### Data extracts
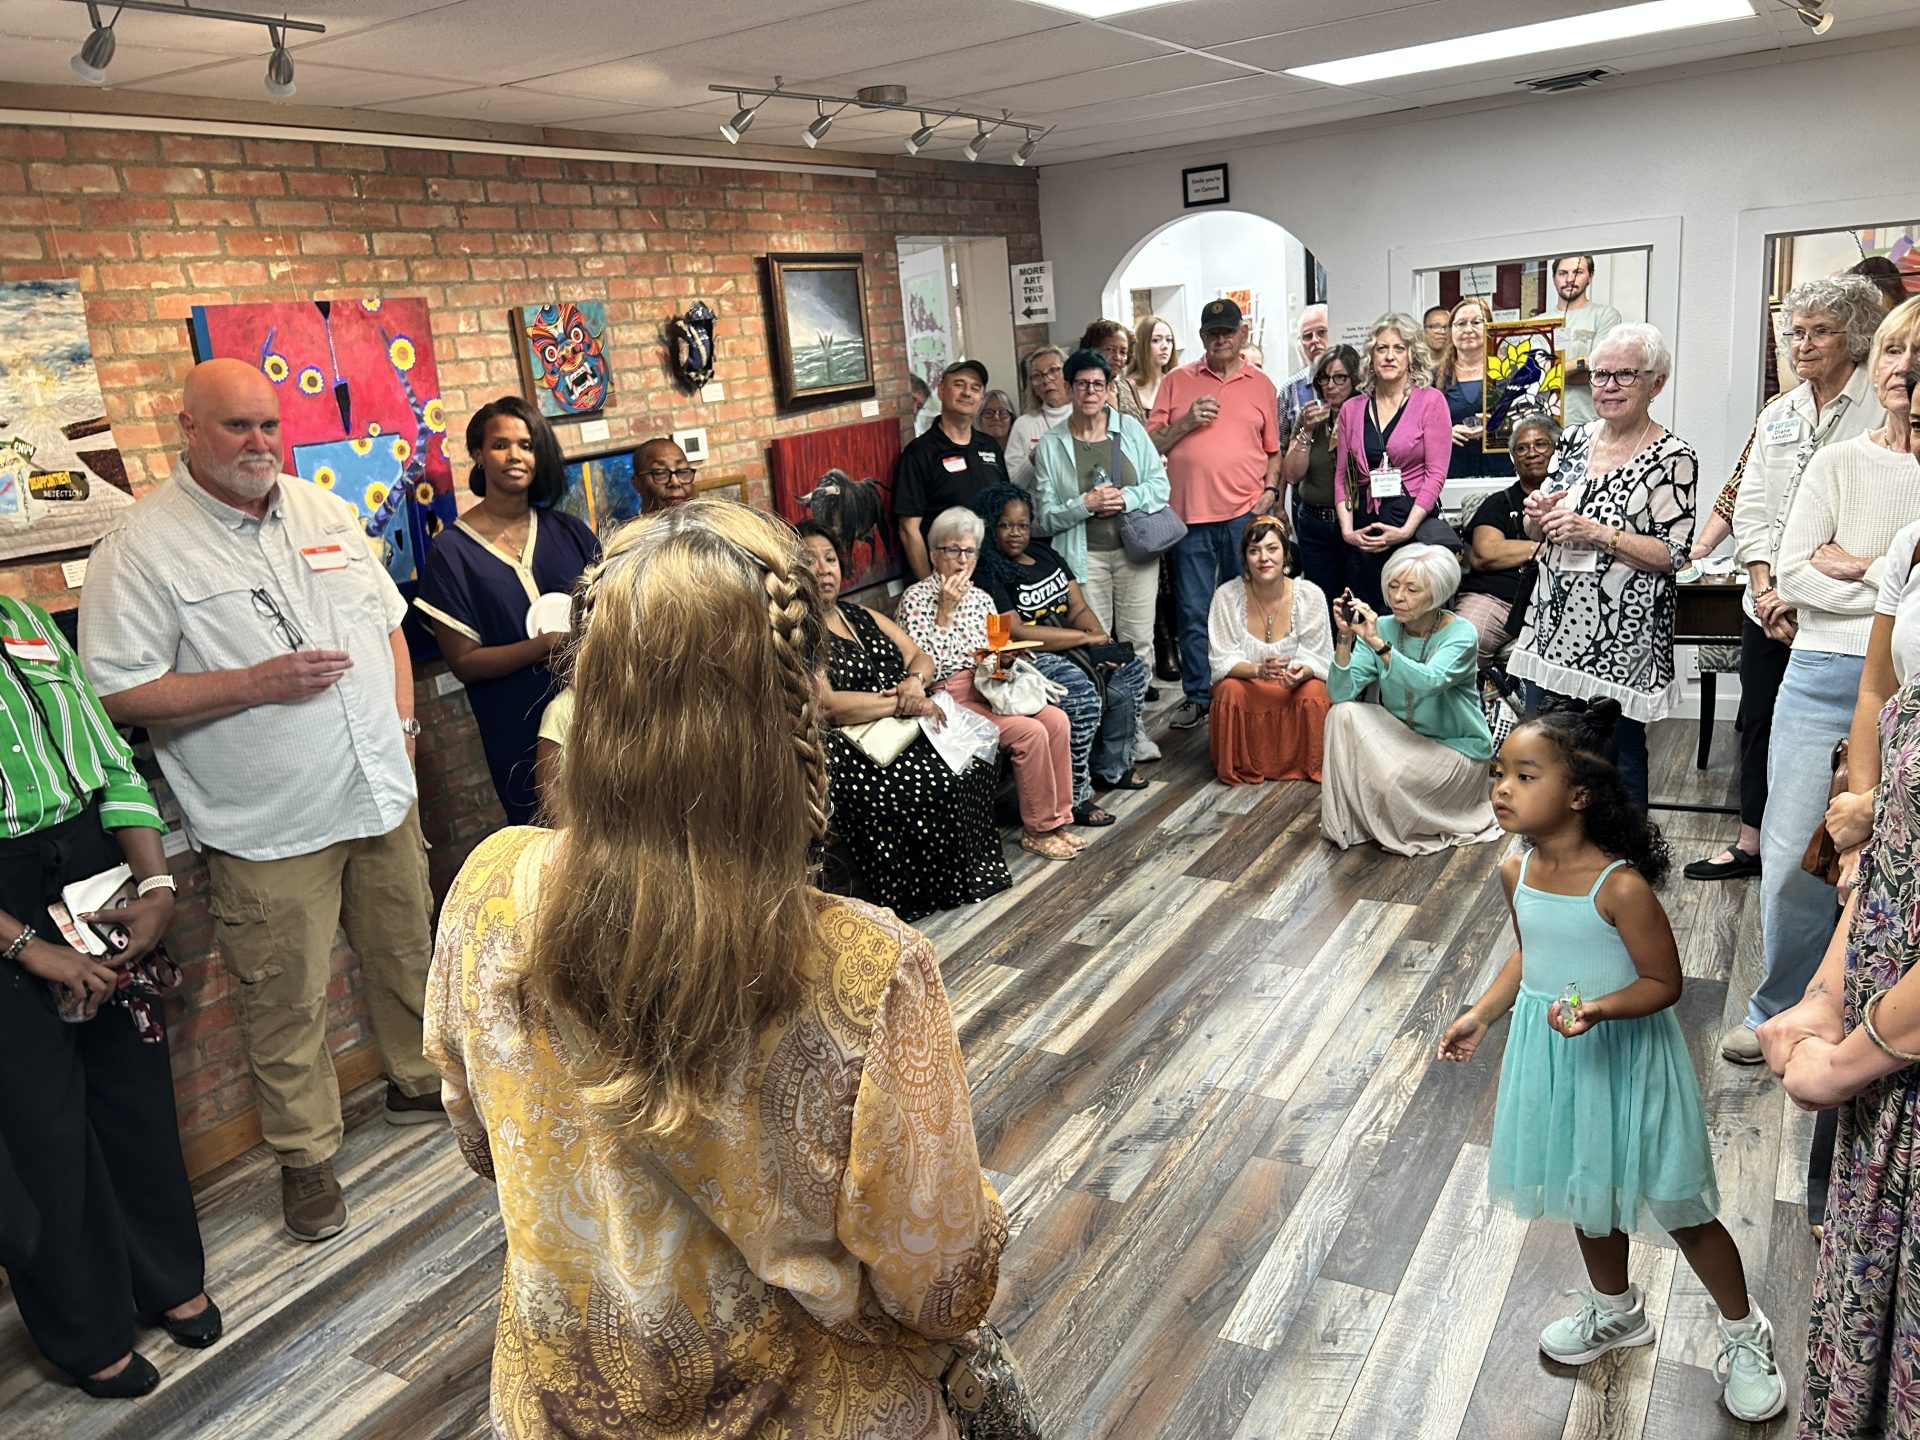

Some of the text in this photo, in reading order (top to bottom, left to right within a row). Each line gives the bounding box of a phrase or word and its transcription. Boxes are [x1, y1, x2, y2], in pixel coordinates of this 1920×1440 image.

[1019, 266, 1045, 276] MORE
[1023, 276, 1042, 285] ART
[1022, 285, 1044, 294] THIS
[1023, 295, 1043, 304] WAY
[43, 489, 83, 499] REJECTION
[1019, 581, 1058, 605] GOTTA
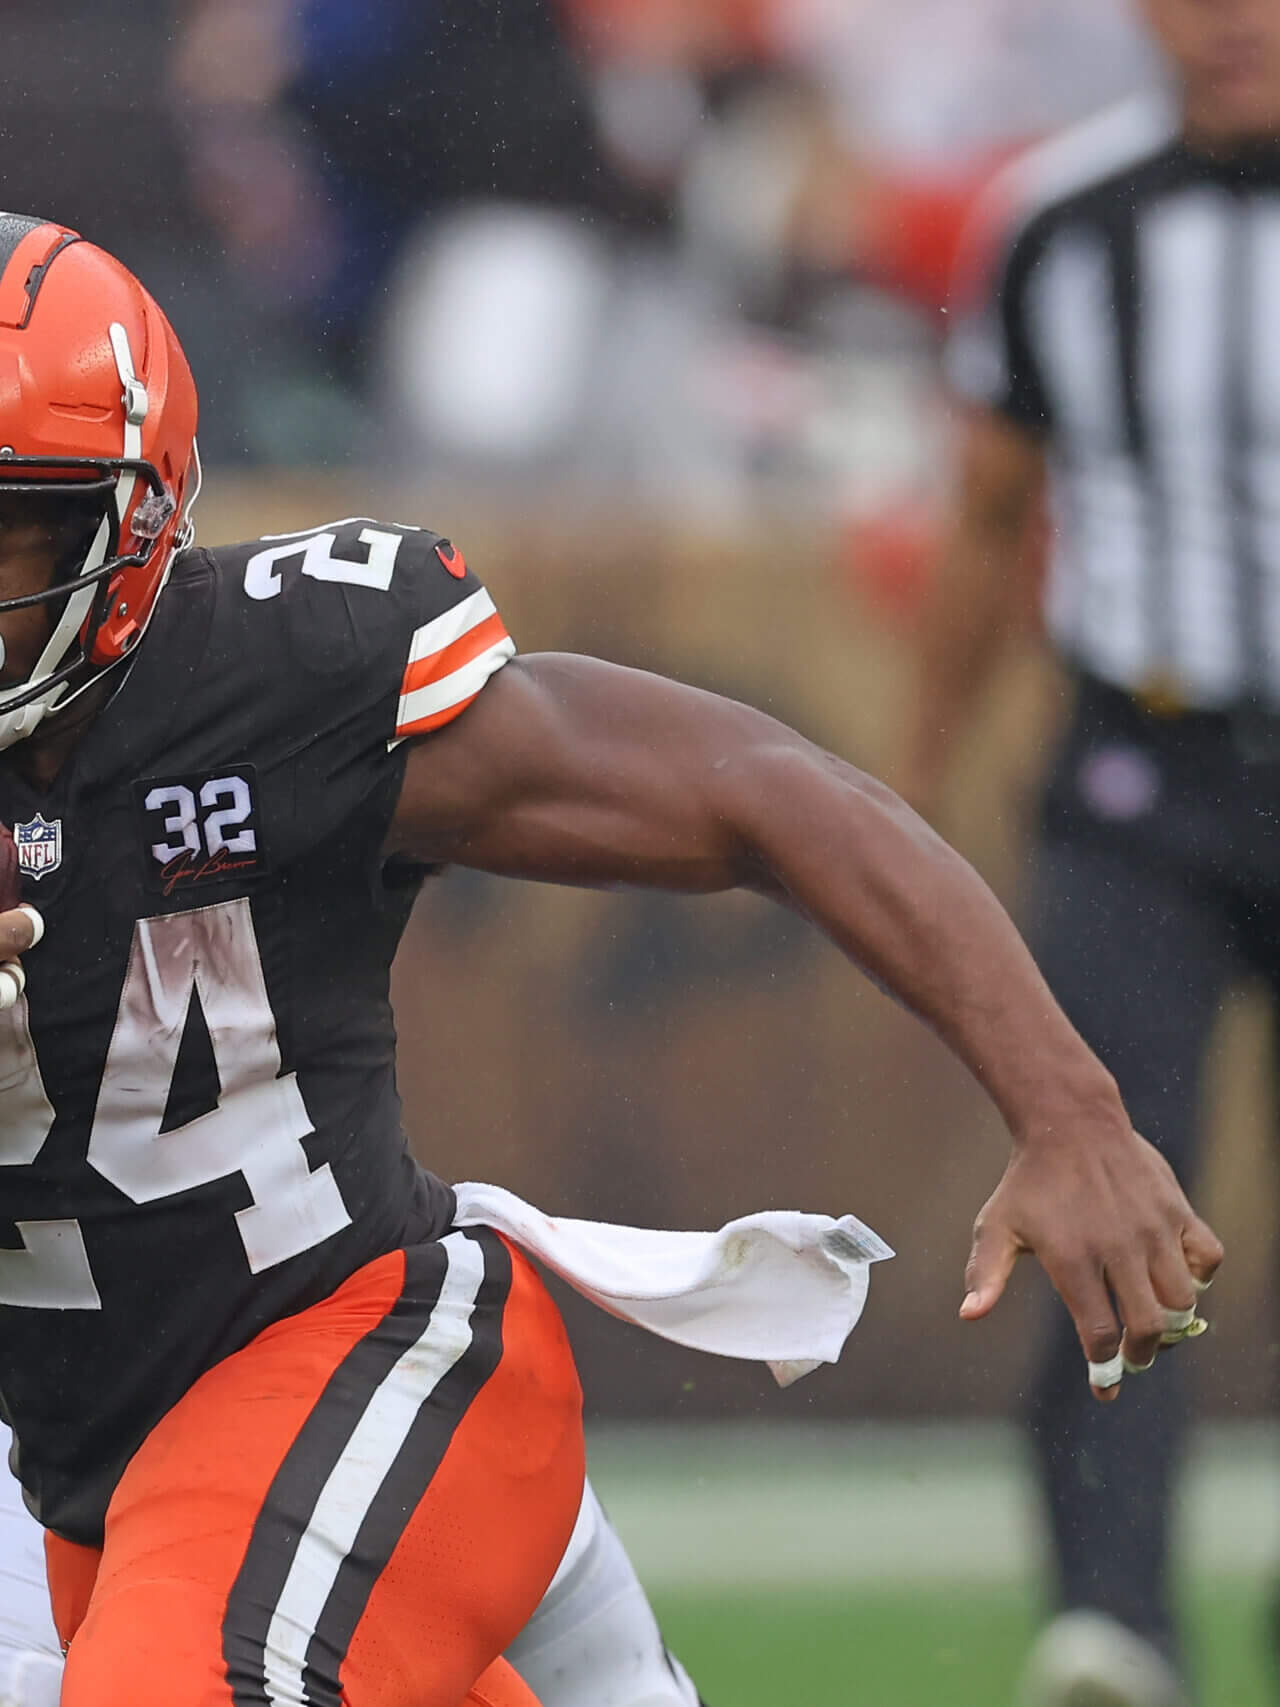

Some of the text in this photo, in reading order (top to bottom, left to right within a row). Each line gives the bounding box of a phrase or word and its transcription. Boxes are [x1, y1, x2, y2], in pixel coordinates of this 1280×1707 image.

[243, 517, 421, 600] 2
[21, 843, 54, 868] NFL
[145, 776, 257, 865] 32
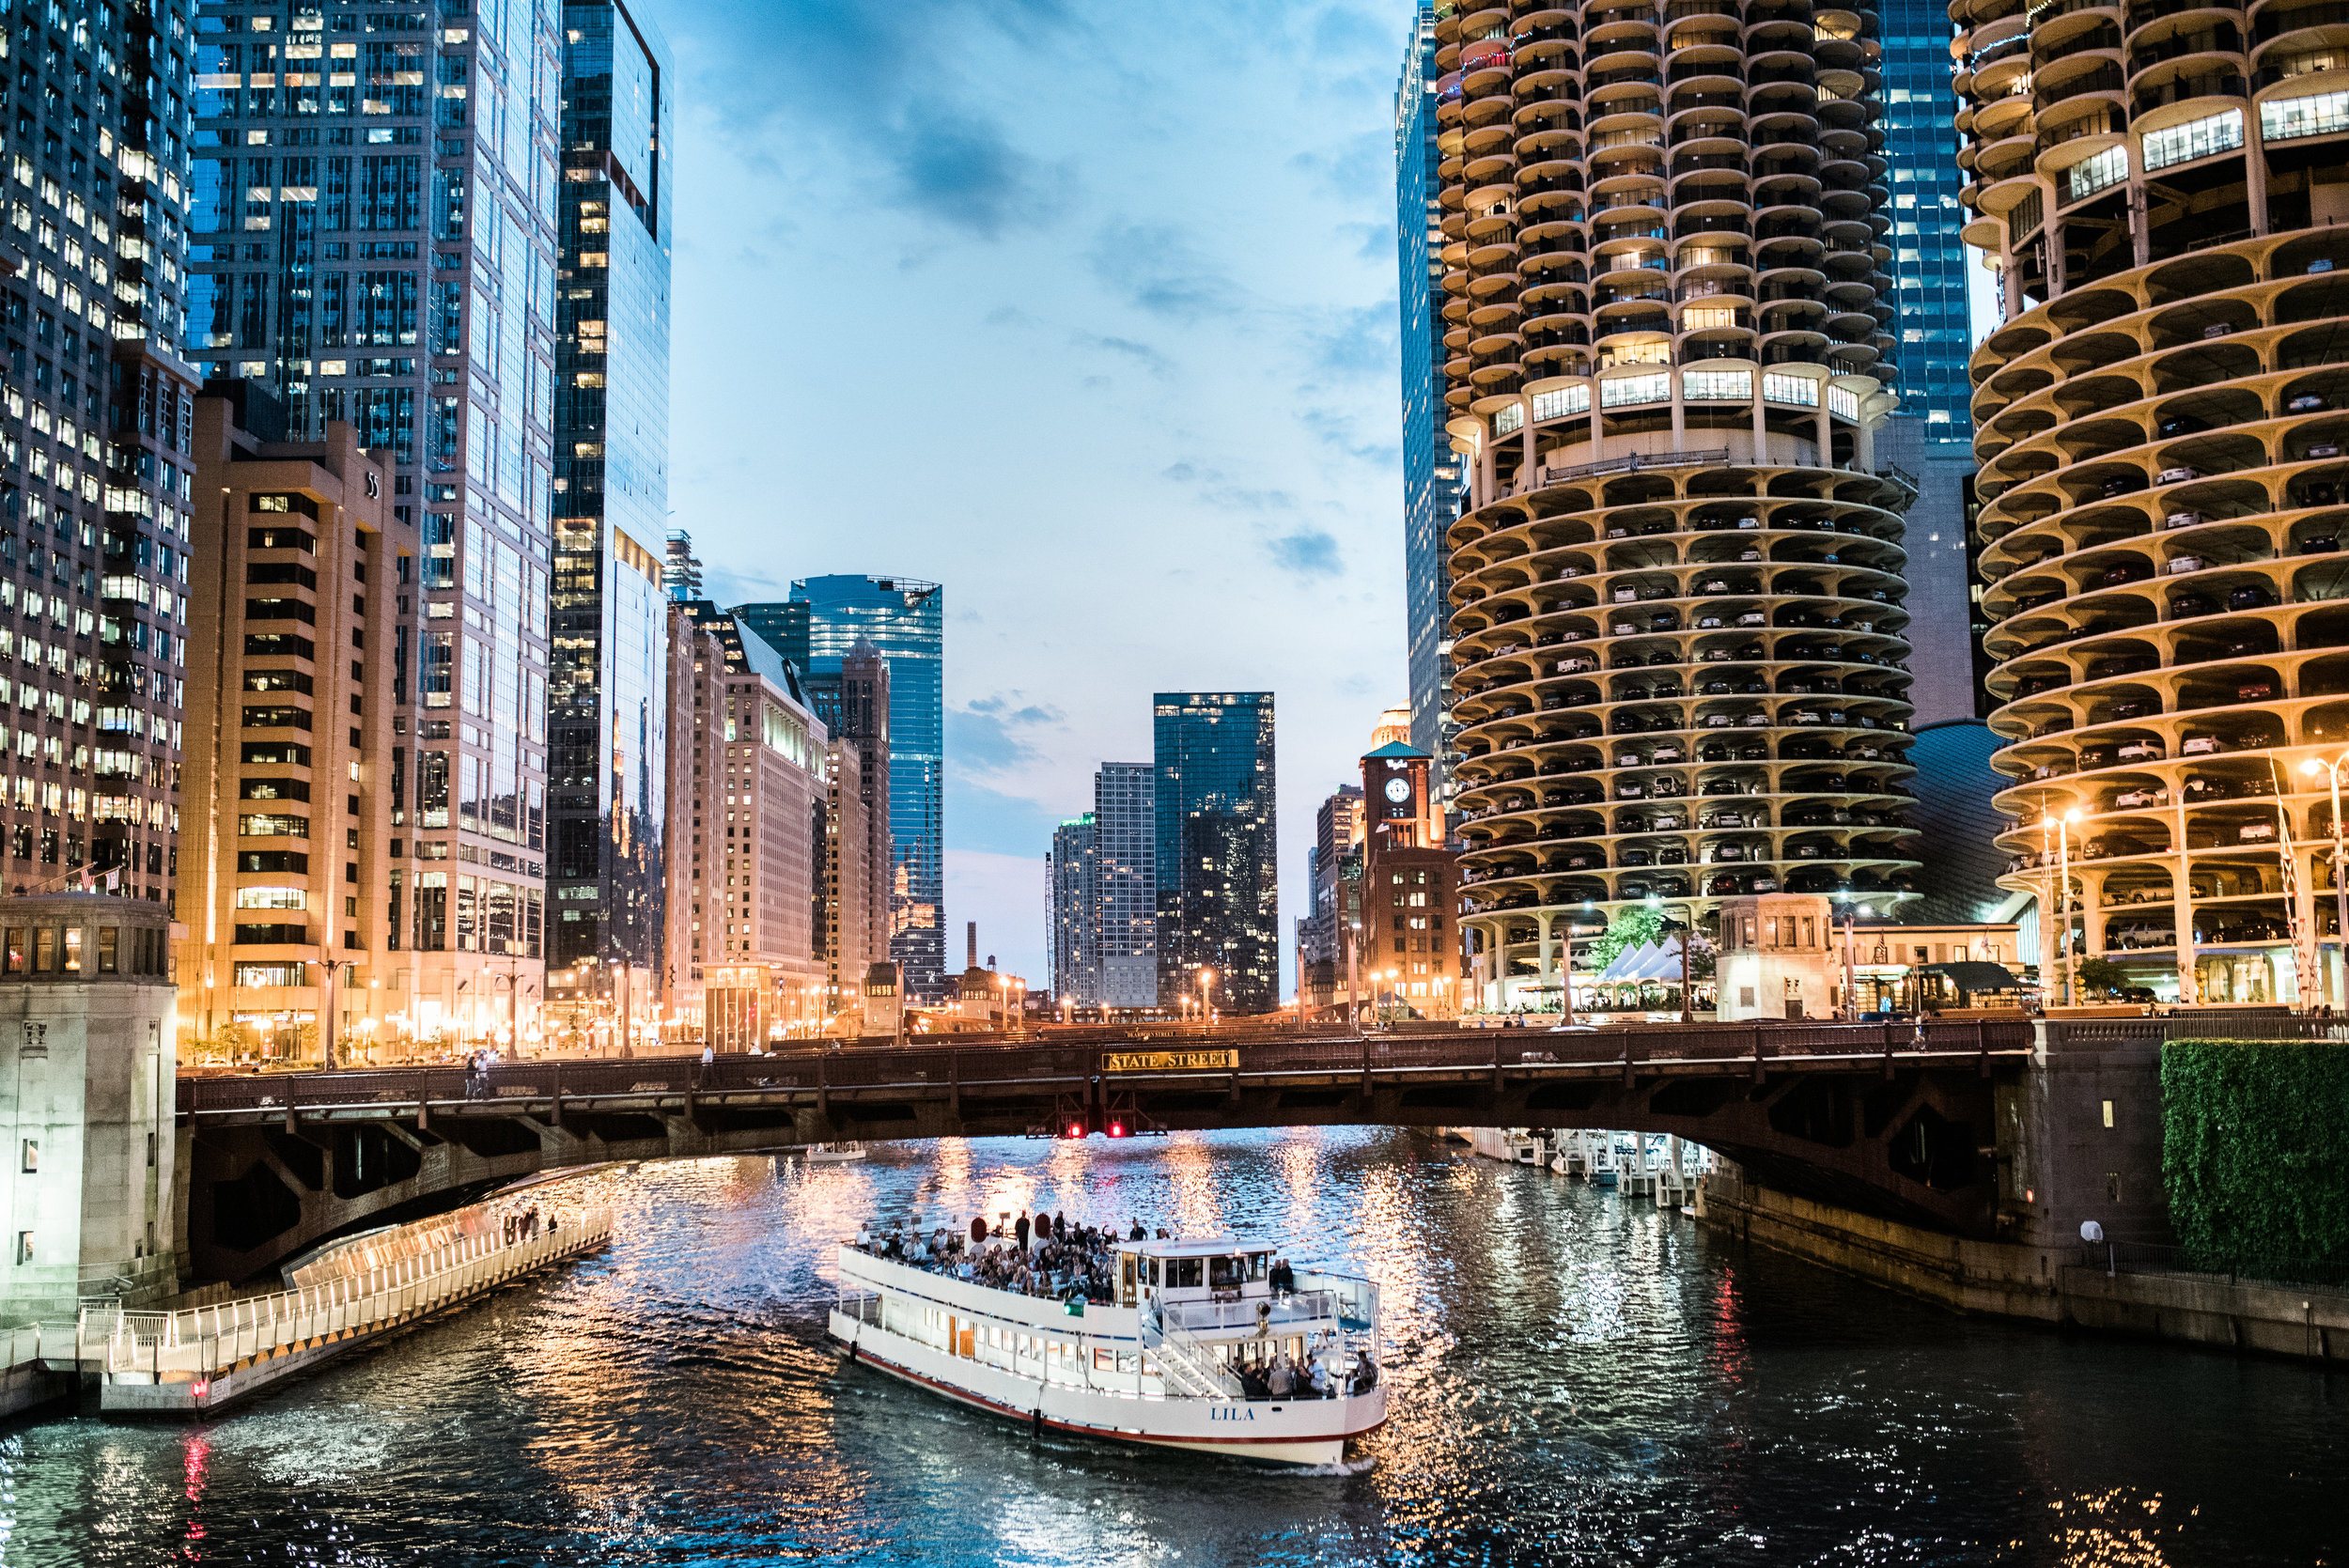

### To do
Nothing in the records should be changed in the copy, but the pictures must be left out.

### Answer section
Some of the text in this photo, in reading order (top to bottom, left to right within a row). Each line gives the bounding box of a phrase or word and its transcription. Boxes are [x1, y1, x2, y2], in pixel coordinates of this 1920×1440 image.

[1019, 266, 1045, 276] MORE
[1023, 276, 1042, 285] ART
[1022, 285, 1044, 294] THIS
[1023, 295, 1043, 304] WAY
[43, 489, 83, 499] REJECTION
[1019, 581, 1058, 605] GOTTA

Some of the text in this photo, in reading order (top to bottom, left to right within a row). Each line gives the bounding box of a phrase or word and its transcription. Boxes are [x1, y1, x2, y2], in pixel coordinates of this 1280×1707 image.

[243, 517, 421, 600] 2
[21, 843, 54, 868] NFL
[145, 776, 257, 865] 32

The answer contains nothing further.